## EXERCISE PROMPT
Apart from the pictures, every entry below must be given again exactly.

## DATA SUPPLIED
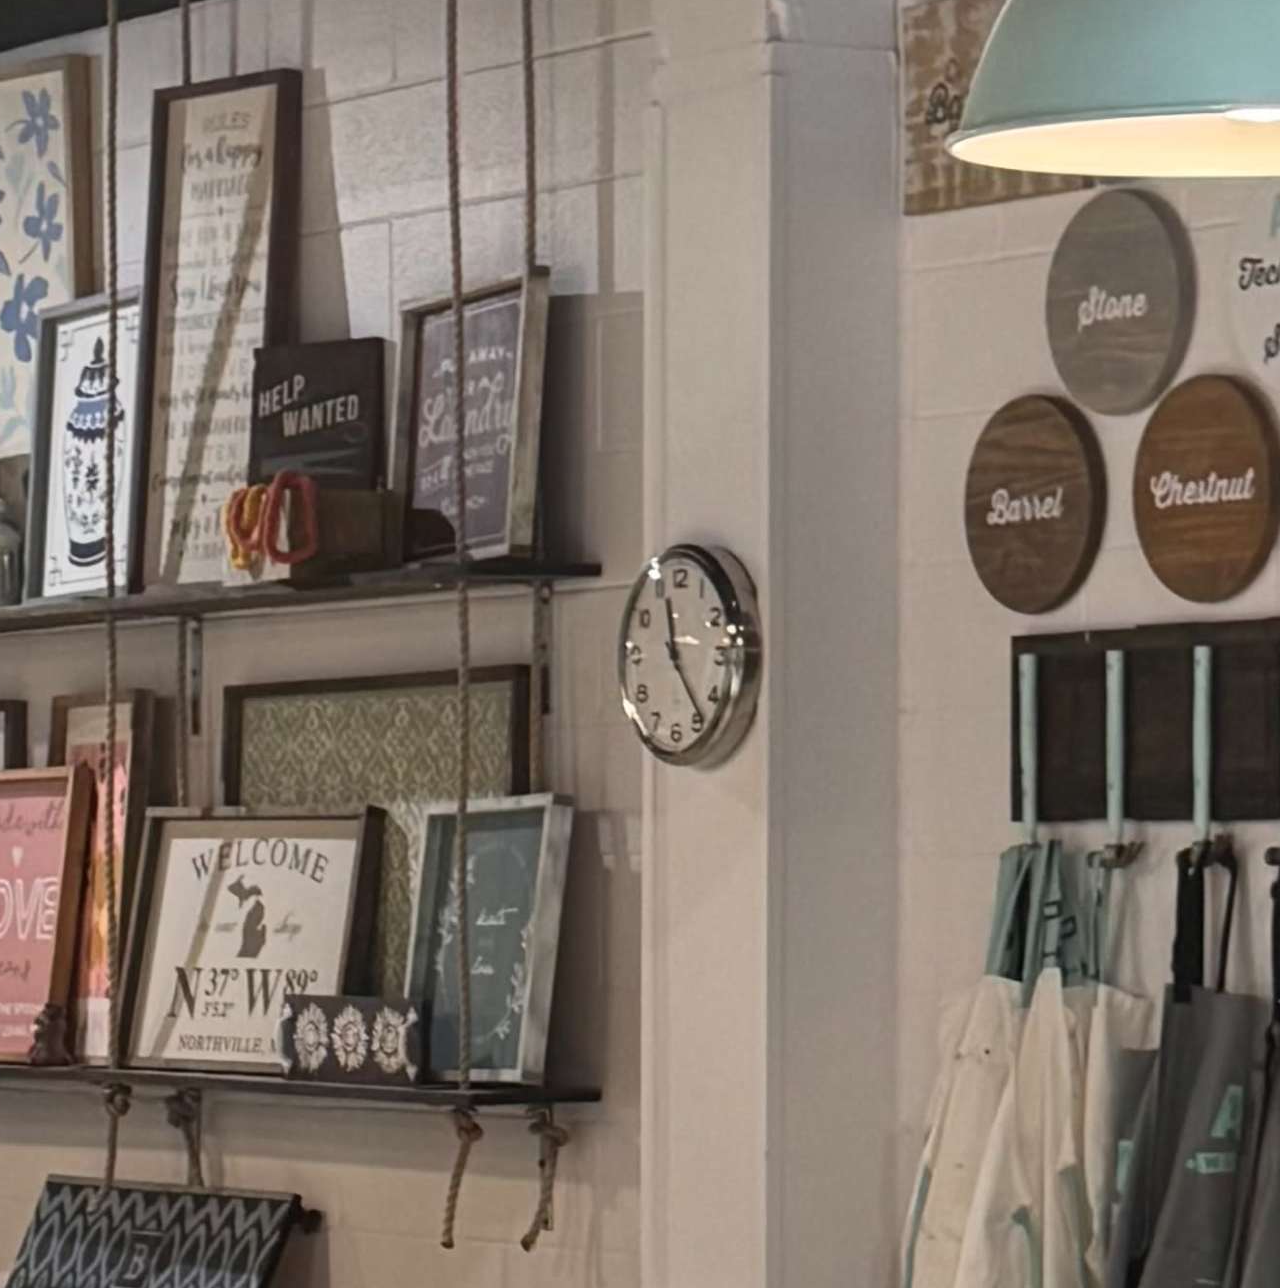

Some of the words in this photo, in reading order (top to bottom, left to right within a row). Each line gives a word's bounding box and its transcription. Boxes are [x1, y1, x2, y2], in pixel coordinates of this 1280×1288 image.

[1076, 285, 1147, 334] Stone
[258, 374, 305, 419] HELP
[282, 394, 359, 438] WANTED
[987, 488, 1064, 527] Barrel
[1149, 466, 1256, 510] Chestnut
[671, 568, 689, 590] 12
[636, 684, 648, 703] 8
[708, 685, 719, 704] 4
[671, 723, 683, 743] 6
[191, 837, 330, 884] WELCOME
[167, 966, 203, 1019] N
[245, 967, 283, 1017] W
[178, 1034, 265, 1056] NORTHVILLE,
[123, 1243, 149, 1280] B

## WRITTEN RESPONSE
Some of the words in this photo, in reading order (top to bottom, left to right within a row). Each line gives a word's bounding box and its transcription. Boxes are [x1, y1, x2, y2], in pixel coordinates of this 1280×1288 image.

[1076, 285, 1147, 334] Stone
[258, 374, 305, 419] HELP
[282, 394, 359, 438] WANTED
[987, 488, 1064, 527] Barrel
[1149, 466, 1256, 510] Chestnut
[671, 568, 689, 590] 12
[636, 684, 648, 703] 8
[708, 685, 719, 704] 4
[671, 723, 683, 743] 6
[191, 837, 330, 884] WELCOME
[167, 966, 203, 1019] N
[245, 967, 283, 1017] W
[178, 1034, 265, 1056] NORTHVILLE,
[123, 1243, 149, 1280] B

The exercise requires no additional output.